De Santa Cruz a Jujuy, la justicia parece ser cuestión de valijas. Milagro Sala, detenida desde el 16 de enero por encabezar una protesta contra el gobierno provincial, podría ver cómo se empeora su situación legal por el hallazgo de 30 bolsos en su casa, que tendrían “olor a dinero,” según dijo el fiscal de Estado Mariano Miranda horas después de los procedimientos.

Mientras la atención de los medios de comunicación está centrada en los allanamientos que condujo durante los últimos días el fiscal federal Guillermo Marijuán en Santa Cruz en propiedades de Lázaro Báez, en Jujuy, la justicia también sigue una estrategia similar con la líder de la Túpac Amaru, aunque sin cámaras.

Rompiendo las rejas, la policía se abrió paso en la casa de Sala el viernes 29 de abril, mientras la Ciudad de Buenos Aires asistía a la movilización de trabajadores agrupados en las centrales sindicales CGT y en la CTA, una comunión que parecía imposible durante el gobierno kirchnerista. Los abogados de Sala recibieron la notificación de los operativos que se sucedieron después de que la legisladora provincial Mabel Balconte dijera que su otrora jefa política llevaba bolsos con dinero desde Jujuy hasta la residencia de Olivos para ser entregados a Máximo Kirchner, actual diputado del Frente para la Victoria (FpV).

Balconte hizo esas declaraciones durante su indagatoria en la causa en la que la tiene imputada, al igual que a Sala, por supuestamente desviar fondos para la construcción de viviendas. Esa denuncia fue motorizada por el titular del Instituto de Vivienda y Urbanismo de Jujuy (IVUJ) Walter Morales, hermano del gobernador.

“Dictador”, gritaba Balconte frente a las cámaras el 16 de enero tras la detención de Sala por encabezar un acampe en Jujuy. Se refería a Gerardo Morales. Sin embargo, algo se modificó desde entonces hasta su aparición en La Cornisa, el programa de Luis Majul. “La justicia cambió”, explicó ella el pasado 24 de abril.

La justicia según Morales

Los días de Miranda como fiscal de Estado fueron ajetreados en estos últimos cinco meses. Nadie podría decir que tuvo minutos libres para dedicarse a las redes sociales. En Twitter, tuvo una treintena de intervenciones desde que creó la cuenta. Sin embargo, casi la mitad de ellos tuvieron un denominador común: Milagro Sala.
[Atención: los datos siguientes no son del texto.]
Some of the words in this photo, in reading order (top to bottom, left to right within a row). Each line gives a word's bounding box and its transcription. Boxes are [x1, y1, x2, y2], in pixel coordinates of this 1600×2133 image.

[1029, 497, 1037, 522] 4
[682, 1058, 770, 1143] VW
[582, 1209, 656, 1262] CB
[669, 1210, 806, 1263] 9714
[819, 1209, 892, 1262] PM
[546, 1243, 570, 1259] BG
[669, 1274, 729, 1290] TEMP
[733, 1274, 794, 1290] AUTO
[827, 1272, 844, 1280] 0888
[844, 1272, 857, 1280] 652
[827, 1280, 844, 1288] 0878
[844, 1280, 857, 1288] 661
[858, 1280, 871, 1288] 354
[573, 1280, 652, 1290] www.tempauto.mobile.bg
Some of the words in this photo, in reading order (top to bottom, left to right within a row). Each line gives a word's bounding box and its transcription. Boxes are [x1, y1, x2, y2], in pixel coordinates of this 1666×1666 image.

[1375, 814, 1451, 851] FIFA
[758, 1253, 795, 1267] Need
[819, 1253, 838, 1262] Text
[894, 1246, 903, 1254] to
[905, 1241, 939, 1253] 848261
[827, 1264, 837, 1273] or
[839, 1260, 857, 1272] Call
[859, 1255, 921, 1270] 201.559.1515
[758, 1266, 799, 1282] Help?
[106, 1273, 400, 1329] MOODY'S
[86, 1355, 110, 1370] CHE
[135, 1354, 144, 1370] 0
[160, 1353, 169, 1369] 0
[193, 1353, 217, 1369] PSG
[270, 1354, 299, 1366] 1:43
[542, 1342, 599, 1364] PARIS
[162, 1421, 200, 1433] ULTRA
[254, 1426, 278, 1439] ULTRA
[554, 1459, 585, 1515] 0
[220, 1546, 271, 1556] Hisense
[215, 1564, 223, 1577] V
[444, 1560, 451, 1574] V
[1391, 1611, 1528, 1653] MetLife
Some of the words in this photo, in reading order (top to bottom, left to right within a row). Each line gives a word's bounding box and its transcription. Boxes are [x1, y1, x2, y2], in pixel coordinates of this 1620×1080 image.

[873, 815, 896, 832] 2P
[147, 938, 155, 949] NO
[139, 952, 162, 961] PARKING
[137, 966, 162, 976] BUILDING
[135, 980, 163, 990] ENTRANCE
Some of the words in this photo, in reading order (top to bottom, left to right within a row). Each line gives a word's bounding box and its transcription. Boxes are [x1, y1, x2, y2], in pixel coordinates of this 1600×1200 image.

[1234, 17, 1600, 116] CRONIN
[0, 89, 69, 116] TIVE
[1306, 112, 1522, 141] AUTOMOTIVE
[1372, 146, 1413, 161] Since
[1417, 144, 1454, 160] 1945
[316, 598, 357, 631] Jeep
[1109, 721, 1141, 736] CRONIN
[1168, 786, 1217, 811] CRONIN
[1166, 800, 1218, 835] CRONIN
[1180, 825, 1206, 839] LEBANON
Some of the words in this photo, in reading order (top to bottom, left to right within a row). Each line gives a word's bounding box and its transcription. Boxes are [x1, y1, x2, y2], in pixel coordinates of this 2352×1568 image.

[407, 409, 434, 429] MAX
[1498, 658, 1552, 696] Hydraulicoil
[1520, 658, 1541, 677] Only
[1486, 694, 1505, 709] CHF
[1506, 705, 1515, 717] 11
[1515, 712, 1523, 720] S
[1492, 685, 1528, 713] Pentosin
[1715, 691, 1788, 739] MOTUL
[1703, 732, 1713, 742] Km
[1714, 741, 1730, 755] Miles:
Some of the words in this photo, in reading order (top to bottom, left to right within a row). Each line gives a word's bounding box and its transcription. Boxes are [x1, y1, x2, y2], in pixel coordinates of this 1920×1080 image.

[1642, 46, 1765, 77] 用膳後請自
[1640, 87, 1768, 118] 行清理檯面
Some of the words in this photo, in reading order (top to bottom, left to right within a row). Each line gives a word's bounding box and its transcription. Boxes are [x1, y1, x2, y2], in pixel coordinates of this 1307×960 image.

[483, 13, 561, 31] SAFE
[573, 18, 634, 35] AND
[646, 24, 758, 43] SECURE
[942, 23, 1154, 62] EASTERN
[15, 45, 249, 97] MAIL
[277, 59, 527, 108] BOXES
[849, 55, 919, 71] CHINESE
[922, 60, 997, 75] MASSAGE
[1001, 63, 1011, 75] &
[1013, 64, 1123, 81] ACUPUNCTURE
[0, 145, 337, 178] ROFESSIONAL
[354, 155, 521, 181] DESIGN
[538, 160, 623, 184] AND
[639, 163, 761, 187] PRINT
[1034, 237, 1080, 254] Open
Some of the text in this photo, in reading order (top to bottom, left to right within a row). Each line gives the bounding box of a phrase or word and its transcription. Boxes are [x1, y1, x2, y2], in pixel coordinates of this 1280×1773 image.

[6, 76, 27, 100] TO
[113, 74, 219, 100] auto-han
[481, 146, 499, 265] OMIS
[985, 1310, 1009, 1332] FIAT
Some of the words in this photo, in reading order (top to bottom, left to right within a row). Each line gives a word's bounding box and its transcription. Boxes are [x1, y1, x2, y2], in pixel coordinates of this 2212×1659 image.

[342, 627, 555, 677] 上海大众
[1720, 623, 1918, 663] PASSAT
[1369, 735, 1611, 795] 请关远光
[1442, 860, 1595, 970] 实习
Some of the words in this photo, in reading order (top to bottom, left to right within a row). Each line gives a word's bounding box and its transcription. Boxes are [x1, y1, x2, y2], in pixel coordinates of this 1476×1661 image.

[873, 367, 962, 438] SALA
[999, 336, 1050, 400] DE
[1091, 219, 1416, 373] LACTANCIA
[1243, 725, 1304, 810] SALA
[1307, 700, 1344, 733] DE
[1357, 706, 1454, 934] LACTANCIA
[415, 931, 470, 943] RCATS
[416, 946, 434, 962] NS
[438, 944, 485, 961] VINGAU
La campaña de Morales, que consiguió el apoyo tanto de Sergio Massa como de Mauricio Macri para disputar la gobernación, también tuvo a la líder de la Túpac Amaru como su principal blanco. Según consignaron el Centro de Estudios Legales y Sociales (CELS), Amnistía Internacional y Andhes en una presentación hecha ante las Naciones Unidas, las denuncias de Morales indicando que Sala había edificado un Estado paralelo en Jujuy datan, al menos, de 2012.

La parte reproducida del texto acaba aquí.